# IR interference leaking from TiVo - how to fix?



## grum (May 9, 2002)

Hi all, 

I use a Digisender to send my TiVo and other signals around the house, which works very well except for the IR remote sending. There is a lot of IR interference on the Digisender transmitter (which receives the IR from receivers around the house) and that makes any remote function intermittent. I can normally find a "sweet spot" where it'll work quite well but decided it was time to troubleshoot it to find the source of the interference. 

So after much unplugging it turns out to be my TiVo causing the interference. Basically with everything plugged in and working, I can see IR interference on the Digisender - if I switch off the TiVo at the mains, the interference stops - when I switch it on again the interference starts almost immediately. Switching off the front IR blaster and unplugging the IR wand makes no difference. 
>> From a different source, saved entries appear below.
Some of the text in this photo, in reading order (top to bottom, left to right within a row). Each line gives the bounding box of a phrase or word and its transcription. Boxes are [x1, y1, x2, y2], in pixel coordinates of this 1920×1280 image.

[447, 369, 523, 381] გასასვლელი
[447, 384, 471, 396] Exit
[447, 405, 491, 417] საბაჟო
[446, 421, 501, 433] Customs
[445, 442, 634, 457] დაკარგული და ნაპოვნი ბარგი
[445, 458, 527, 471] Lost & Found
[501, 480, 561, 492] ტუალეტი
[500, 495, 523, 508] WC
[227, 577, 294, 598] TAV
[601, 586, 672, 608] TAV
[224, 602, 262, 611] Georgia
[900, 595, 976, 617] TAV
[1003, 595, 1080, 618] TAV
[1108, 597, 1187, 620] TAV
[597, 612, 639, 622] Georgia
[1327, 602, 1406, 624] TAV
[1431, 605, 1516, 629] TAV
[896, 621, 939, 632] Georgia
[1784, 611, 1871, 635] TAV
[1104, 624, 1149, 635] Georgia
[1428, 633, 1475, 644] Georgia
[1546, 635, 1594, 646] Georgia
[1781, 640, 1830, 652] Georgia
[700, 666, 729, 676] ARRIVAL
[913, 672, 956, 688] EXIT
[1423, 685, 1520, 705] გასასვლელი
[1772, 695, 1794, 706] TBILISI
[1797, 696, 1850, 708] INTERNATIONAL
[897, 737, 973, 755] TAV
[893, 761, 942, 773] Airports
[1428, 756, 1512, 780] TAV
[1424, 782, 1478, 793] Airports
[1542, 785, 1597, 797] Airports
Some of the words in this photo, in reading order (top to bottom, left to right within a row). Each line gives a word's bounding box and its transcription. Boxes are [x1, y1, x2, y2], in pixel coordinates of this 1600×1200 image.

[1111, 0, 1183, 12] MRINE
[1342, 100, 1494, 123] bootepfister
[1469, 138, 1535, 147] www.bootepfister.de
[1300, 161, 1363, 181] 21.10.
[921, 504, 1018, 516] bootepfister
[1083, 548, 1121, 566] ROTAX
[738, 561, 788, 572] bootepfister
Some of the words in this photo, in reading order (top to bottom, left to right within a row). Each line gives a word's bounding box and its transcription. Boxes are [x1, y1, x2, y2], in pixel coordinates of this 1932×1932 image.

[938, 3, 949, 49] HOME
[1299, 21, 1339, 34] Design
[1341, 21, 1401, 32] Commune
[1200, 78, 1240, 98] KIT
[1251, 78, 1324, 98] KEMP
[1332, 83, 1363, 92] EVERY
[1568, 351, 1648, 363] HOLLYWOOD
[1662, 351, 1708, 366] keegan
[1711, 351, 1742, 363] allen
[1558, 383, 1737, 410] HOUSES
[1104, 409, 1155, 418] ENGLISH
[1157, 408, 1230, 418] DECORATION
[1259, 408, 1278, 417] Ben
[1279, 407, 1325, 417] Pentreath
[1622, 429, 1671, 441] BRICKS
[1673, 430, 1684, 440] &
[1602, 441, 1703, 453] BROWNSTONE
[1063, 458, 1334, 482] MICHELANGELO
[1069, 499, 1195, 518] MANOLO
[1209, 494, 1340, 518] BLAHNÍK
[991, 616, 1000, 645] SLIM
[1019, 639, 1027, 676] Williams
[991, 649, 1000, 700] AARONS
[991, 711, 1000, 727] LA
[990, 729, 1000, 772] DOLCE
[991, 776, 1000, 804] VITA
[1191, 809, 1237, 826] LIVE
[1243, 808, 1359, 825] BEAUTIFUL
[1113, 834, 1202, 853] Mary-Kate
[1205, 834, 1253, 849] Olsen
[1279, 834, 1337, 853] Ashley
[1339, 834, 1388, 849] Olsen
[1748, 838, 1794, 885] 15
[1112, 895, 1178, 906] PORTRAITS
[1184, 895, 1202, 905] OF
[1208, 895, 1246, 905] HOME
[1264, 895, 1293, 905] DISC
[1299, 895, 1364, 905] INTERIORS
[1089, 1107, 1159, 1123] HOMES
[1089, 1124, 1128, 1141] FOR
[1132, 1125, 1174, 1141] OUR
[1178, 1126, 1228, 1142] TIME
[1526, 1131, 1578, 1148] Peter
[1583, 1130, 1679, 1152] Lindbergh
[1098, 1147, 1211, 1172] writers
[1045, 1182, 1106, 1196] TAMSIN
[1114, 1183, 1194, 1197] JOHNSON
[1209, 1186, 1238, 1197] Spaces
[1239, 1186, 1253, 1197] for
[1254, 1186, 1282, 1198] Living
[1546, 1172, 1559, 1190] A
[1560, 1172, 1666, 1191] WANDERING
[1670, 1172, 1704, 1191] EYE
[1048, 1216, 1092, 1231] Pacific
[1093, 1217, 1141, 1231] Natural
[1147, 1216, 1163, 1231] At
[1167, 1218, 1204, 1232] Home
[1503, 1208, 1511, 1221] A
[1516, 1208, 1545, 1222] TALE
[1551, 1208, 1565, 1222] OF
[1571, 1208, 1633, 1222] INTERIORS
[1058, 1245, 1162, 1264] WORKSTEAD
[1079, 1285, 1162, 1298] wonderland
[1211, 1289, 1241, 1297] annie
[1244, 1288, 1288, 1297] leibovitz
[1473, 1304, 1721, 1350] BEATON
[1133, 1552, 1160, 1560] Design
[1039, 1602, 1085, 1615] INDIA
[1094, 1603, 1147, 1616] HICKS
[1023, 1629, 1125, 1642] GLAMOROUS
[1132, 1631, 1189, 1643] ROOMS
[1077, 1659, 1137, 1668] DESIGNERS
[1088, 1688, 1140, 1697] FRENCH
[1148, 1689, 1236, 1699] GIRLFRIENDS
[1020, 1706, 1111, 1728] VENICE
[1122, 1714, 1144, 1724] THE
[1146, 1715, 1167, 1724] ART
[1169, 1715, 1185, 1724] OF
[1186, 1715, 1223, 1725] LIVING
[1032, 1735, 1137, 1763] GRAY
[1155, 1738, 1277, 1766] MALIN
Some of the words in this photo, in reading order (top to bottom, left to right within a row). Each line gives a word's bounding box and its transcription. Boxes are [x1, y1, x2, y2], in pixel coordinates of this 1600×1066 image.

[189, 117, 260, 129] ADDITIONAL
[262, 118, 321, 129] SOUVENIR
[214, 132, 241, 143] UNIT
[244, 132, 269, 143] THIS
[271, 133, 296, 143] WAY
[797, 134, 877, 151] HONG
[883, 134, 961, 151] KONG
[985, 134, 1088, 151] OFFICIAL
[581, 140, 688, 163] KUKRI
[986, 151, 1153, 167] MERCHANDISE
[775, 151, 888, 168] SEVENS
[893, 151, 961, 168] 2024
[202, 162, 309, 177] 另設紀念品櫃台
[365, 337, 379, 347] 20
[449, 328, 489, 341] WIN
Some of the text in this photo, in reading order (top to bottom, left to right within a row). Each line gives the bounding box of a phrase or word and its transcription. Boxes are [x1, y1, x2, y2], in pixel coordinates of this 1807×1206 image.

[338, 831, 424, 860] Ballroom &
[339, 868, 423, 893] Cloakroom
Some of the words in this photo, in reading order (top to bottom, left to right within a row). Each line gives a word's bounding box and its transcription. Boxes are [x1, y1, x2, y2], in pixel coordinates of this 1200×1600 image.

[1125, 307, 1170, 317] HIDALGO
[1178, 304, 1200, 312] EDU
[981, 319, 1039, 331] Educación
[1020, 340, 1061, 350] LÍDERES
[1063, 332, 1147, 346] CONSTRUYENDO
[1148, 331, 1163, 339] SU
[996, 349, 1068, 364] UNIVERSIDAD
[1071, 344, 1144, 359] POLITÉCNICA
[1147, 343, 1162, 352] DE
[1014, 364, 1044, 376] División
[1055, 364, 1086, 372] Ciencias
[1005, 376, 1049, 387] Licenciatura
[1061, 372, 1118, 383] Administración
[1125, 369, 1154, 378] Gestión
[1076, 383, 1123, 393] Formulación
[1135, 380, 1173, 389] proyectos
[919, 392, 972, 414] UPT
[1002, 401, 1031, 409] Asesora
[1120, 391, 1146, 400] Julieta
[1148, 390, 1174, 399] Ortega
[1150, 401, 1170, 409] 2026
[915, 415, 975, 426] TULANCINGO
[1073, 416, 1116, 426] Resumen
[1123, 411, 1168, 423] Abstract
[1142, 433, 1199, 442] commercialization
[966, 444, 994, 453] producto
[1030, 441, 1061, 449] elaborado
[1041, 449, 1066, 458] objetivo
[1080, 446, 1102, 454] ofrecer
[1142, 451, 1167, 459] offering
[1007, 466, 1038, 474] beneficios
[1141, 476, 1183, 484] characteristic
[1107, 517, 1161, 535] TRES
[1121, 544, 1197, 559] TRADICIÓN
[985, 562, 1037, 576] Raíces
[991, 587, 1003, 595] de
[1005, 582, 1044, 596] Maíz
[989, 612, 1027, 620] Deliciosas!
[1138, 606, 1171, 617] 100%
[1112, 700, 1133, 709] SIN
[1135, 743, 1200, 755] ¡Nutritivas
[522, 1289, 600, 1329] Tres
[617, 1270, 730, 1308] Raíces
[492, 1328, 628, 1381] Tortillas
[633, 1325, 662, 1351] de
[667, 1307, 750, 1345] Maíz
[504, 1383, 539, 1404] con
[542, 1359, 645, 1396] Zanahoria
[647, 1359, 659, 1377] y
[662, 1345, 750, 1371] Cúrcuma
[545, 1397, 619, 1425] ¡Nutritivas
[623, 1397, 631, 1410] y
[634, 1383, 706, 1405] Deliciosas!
So, can anyone offer an explanation for this? Is there some way of shielding my TiVo to stop it leaking whatever it is that's interfering with my IR sender? Help!


----------



## Ian_m (Jan 9, 2001)

Search the forum for "ferrite" for the cure. I think you will find its the digisender picking up noise so not really the TiVo's fault.


----------



## grum (May 9, 2002)

Thanks Ian, glad to see I'm not alone! I've tried a couple of ferrite coils on the power cable and it's not made much difference. Does anyone know whether it's possible to somehow shield the TiVo as this is clearly the source of the interference.


----------



## TCM2007 (Dec 25, 2006)

I had the same problem and couldn't solve it. Tried everything I could think of.


----------



## iankb (Oct 9, 2000)

I've just disconnected an old OnDigital box, and suddenly the problem has been significantly reduced. I doubt it was helped by some disconnected leads that might have been acting as aerials.


----------



## Blacque Jacque (Dec 26, 2006)

You may get better mileage fitting the ferrites to the digisender cables, ie fix the symptoms rather than the cause. The TiVo doesn't seem to upset anything else.......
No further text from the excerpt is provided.